请求实体主体发送以下参数来向令牌端点发出请求。注:以下参数请求使用form-data
请求参数 | 参数类型 | 参数说明 |
---|---|---|
grant_type | 字符串 | 授予类型,必填项 |
refresh_token | 字符串 | 刷新令牌 |
client_id | 字符串 | 客户端id,必填项 |
client-secret | 字符串 | 客户端秘钥,必填项 |
redirect_uri | 字符串 | 重定向uri |
7.5.3 凭据授予后台BUG
客户端凭据授予时会出现以下bug
{
"error":"invalid_client",
"error_description":"Client authentication failed (e.g., unknown client, no client authentication included, or unsupported authentication method)",
"status_code":401
}
原因是Hydra源码授权代码问题。解决方案如下:
修改 /pkg/mod/github.com/ory/[email protected]/client_authentication.go文件190行左右代码,
else if ok && form.Get(“client_id”) != “” && form.Get(“client_secret”) != ""判断有误,修改为下面代码
if oidcClient, ok := client.(OpenIDConnectClient); !ok {
// If this isn't an OpenID Connect client then we actually don't care about any of this, just continue!

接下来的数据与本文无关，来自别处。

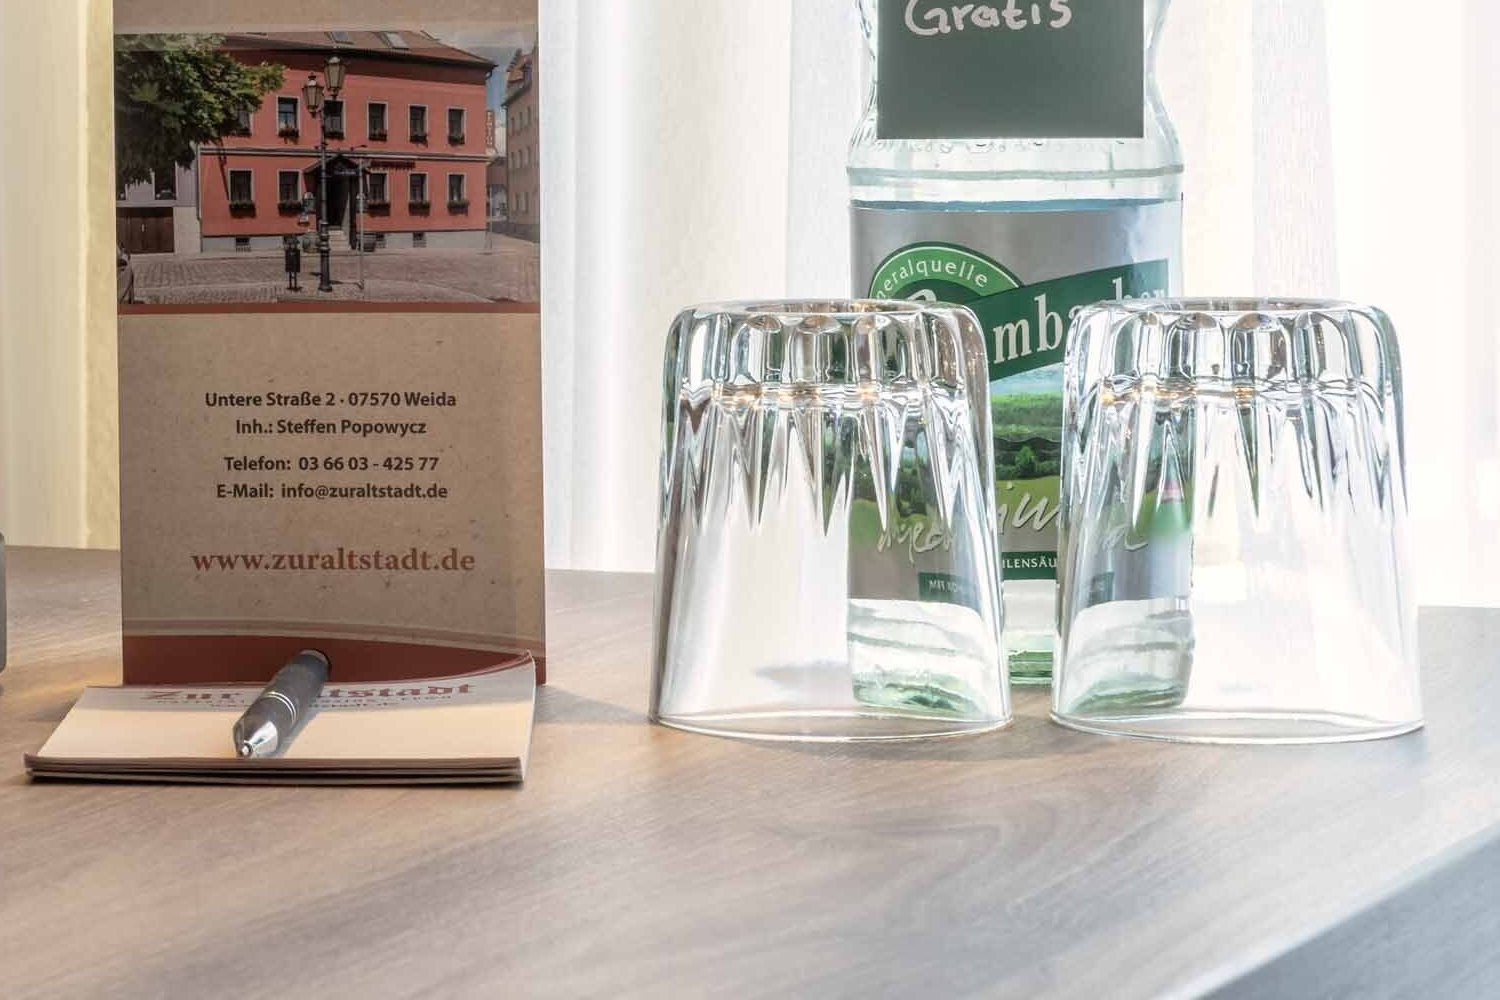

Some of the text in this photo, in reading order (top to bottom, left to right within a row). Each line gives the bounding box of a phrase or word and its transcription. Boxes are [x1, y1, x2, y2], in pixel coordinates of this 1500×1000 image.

} else if ok && form.Get("client_id") == "" && form.Get("client_secret") == "" && oidcClient.GetTokenEndpointAuthMethod() != "client_secret_post" {
return nil, errors.WithStack(ErrInvalidClient.WithHintf("The OAuth 2.0 Client supports client authentication method \"%s\", but method \"client_secret_post\" was requested. You must configure the OAuth 2.0 client's \"token_endpoint_auth_method\" value to accept \"client_secret_post\".", oidcClient.GetTokenEndpointAuthMethod()))
} else if _, _, basicOk := r.BasicAuth(); basicOk && ok && oidcClient.GetTokenEndpointAuthMethod() != "client_secret_basic" {
return nil, errors.WithStack(ErrInvalidClient.WithHintf("The OAuth 2.0 Client supports client authentication method \"%s\", but method \"client_secret_basic\" was requested. You must configure the OAuth 2.0 client's \"token_endpoint_auth_method\" value to accept \"client_secret_basic\".", oidcClient.GetTokenEndpointAuthMethod()))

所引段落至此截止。